In this issue of the Journal of the Endocrine Society (JES), Buonocore et al [6] investigated genetic causes of PAI of unknown etiology in 155 children. Patients with congenital adrenal hyperplasia, autoimmune, or metabolic disease were excluded from the cohort. Since 2013, a next-generation sequencing approach was employed to identify the genetic diagnosis in 75 of 155 patients. A genetic diagnosis was identified in 66.5% of the patients: MC2R 19.4%, NR0B/DAX1 7.7%, CYP11A1 7.7%, AAAS 7.1%, NNT 6.5%, MRAP 4.5%, TXNRD2 4.5%, STAR 3.9%, SAMD9 3.2%, CDKN1C 1.3%, and NR5A1/SF1 0.6%. No genetic diagnosis was found in 30.3% of the cohort, and steroid replacement treatment was gradually withdrawn in 5 (3.2%) children. This retrospective observational study represents the largest cohort of children with PAI of unknown etiology investigated for genetic causes [6]. Second, this study has a strong translational impact, since achieving a genetic diagnosis in the majority of the cohort has great importance to patient care. A recent Turkish study of 77 children with PAI of unknown etiology achieved a genetic diagnosis in 82% of the patients, but a higher consanguinity was found in the kindreds [7].

Interestingly, a predominance of boys was observed in this study, which persisted even after patients’ X-linked AHC were removed. This male-sex predominance was also higher among patients without a genetic diagnosis [6]. The authors suggested 2 hypotheses that require further investigation: 1) an X-linked phenomenon, such as a new genetic cause or alteration in a regulatory region of a key gene such as DAX1; and 2) sex differences in adrenal function, increasing the likelihood of diagnosing PAI in boys.

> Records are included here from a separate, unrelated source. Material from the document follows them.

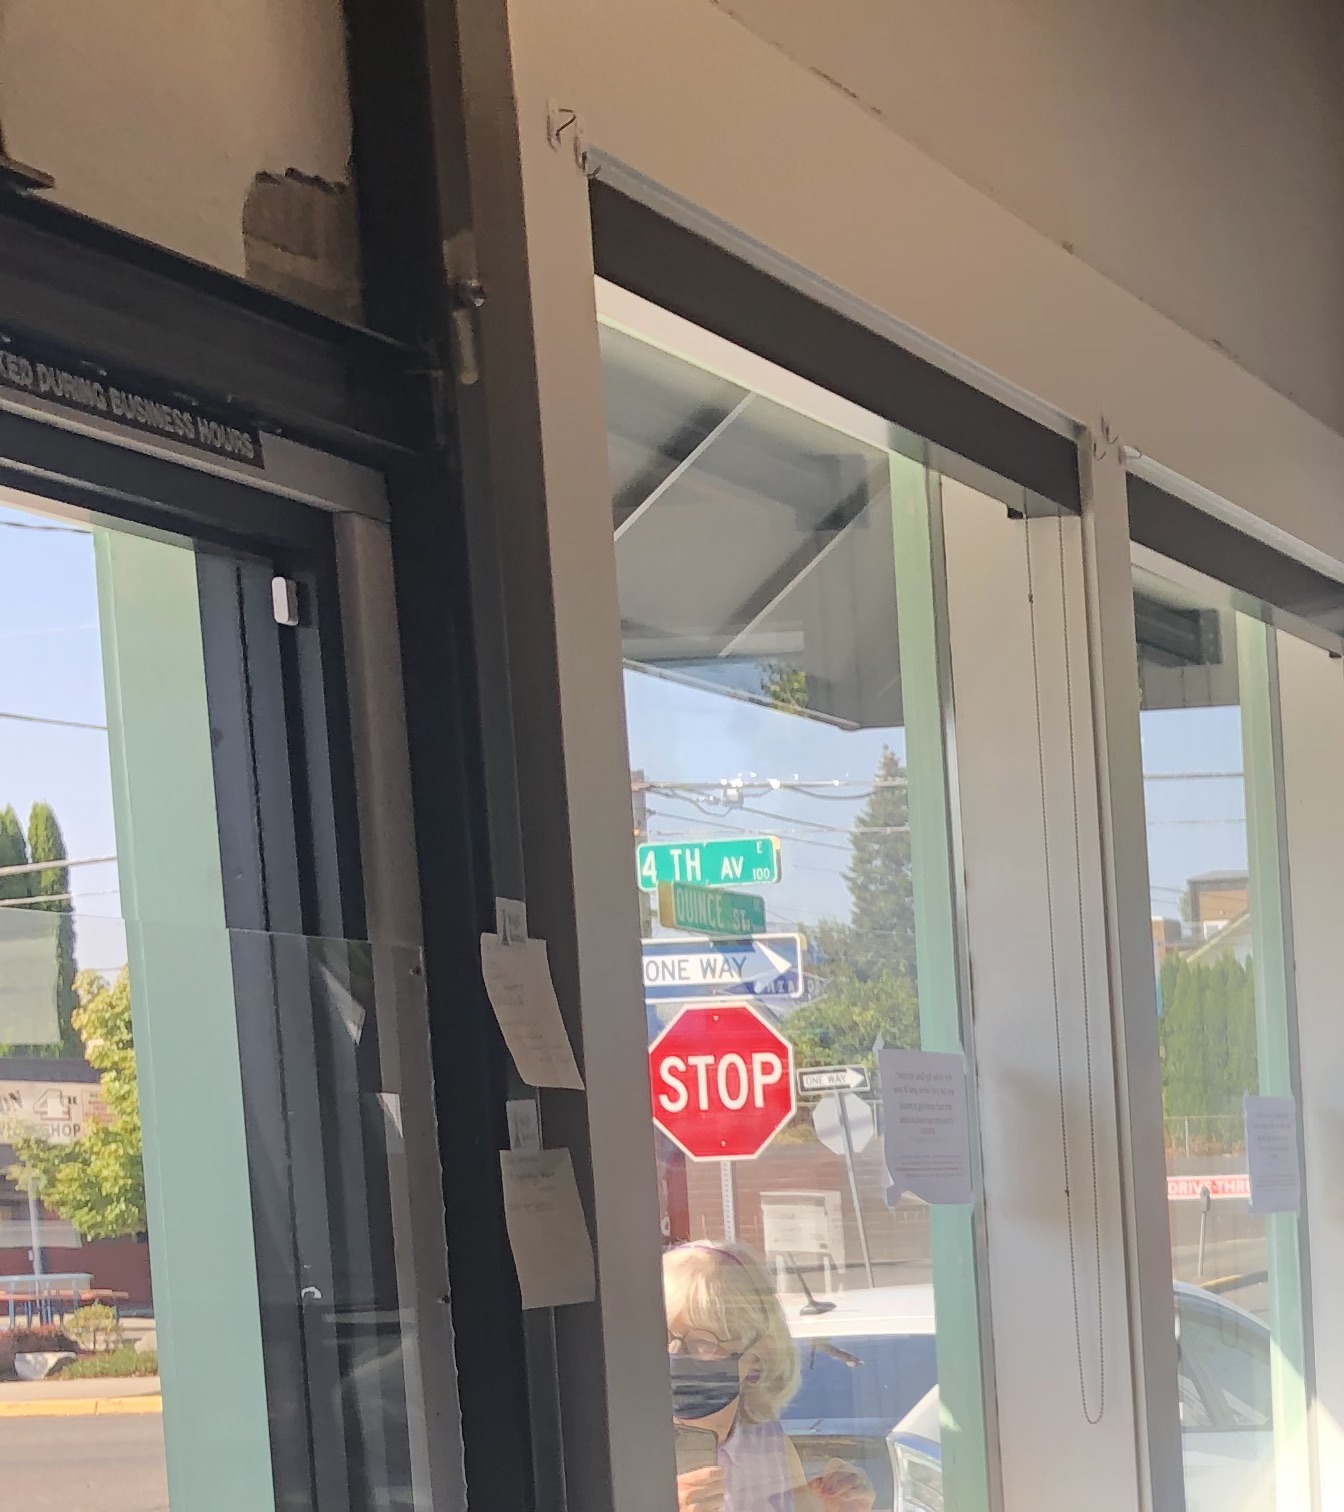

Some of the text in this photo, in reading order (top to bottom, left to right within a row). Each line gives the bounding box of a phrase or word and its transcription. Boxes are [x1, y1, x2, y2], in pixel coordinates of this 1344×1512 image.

[35, 362, 107, 411] DURING
[108, 386, 196, 440] BUSINESS
[197, 416, 254, 459] HOURS
[642, 848, 744, 884] 4 TH AV
[752, 867, 771, 881] 100
[676, 888, 725, 929] QUINCE
[646, 956, 747, 982] ONE WAY
[659, 1052, 783, 1113] STOP
[805, 1072, 848, 1087] ONE WAY

Age of presentation, treatment, and associated clinical features can provide some clues to predict genetic diagnosis [2, 4]. Hormone profile (increased adrenocorticotropin and low cortisol levels, abnormal cortisol response to stimulation, with or without mineralocorticoid insufficiency) is similar in most cases. X-linked AHC usually affects boys with salt loss in early life. Glucocorticoid insufficiency (MC2R or MRAP) often presents with prolonged neonatal jaundice or hypoglycemic convulsions. Children with MRAP defects present with PAI in early life, whereas patients with triple A syndrome are more often diagnosed in mid-childhood. Moreover, nonclassic CYP11A1 or STAR deficiency can present in childhood with ketotic hypoglycemia. However, it should be emphasized that genetic testing was essential to define the cause of PAI in most cases [6]. Because more than 20 genes have been associated with genetic causes of PAI, a next-generation sequencing approach (target panel or exome) is the most cost-effective approach to perform the genetic analysis.

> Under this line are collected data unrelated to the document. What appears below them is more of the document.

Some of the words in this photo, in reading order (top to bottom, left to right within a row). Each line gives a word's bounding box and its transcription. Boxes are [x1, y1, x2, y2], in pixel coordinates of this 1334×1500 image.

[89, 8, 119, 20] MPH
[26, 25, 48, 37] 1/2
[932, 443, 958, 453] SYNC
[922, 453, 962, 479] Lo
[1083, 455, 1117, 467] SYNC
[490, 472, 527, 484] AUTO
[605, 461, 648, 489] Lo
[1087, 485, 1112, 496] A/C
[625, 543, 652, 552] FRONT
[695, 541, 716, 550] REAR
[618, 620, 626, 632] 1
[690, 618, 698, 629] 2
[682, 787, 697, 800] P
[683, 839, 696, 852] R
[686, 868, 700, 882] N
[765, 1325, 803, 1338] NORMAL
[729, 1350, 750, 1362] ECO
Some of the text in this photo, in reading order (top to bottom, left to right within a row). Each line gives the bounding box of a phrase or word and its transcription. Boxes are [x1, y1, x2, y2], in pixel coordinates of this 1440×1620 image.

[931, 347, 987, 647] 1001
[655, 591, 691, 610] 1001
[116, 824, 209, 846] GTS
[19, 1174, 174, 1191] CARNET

Patients with PAI have an increased rate of overall and cardiovascular mortality [1]. Reaching a genetic diagnosis for PAI can have important implications for a precocious diagnosis, preventing a salt-loss crisis in early life and other life-threatening complications, and enabling genetic counseling, personalizing hormone replacement therapy, and surveillance of associated clinical features. Indeed, it has been previously demonstrated that genetic diagnosis at an early stage in patients with germline SDHx or VHL defects had a positive effect on management and clinical outcome, including survival [8].

In conclusion, this study published in JES demonstrated that a genetic diagnosis was achieved in the majority of children with PAI of unknown etiology. This finding represents a paradigm change in the management of pediatric PAI, supporting the recommendation that all children with PAI should undergo genetic investigation. After exclusion of frequent forms of congenital adrenal hyperplasia, metabolic, or autoimmune disorders, a next-generation sequencing approach should be used to search for a genetic etiology. Long-term follow-up studies are now required to analyze the positive impact of genetic diagnosis in the outcome of children with PAI.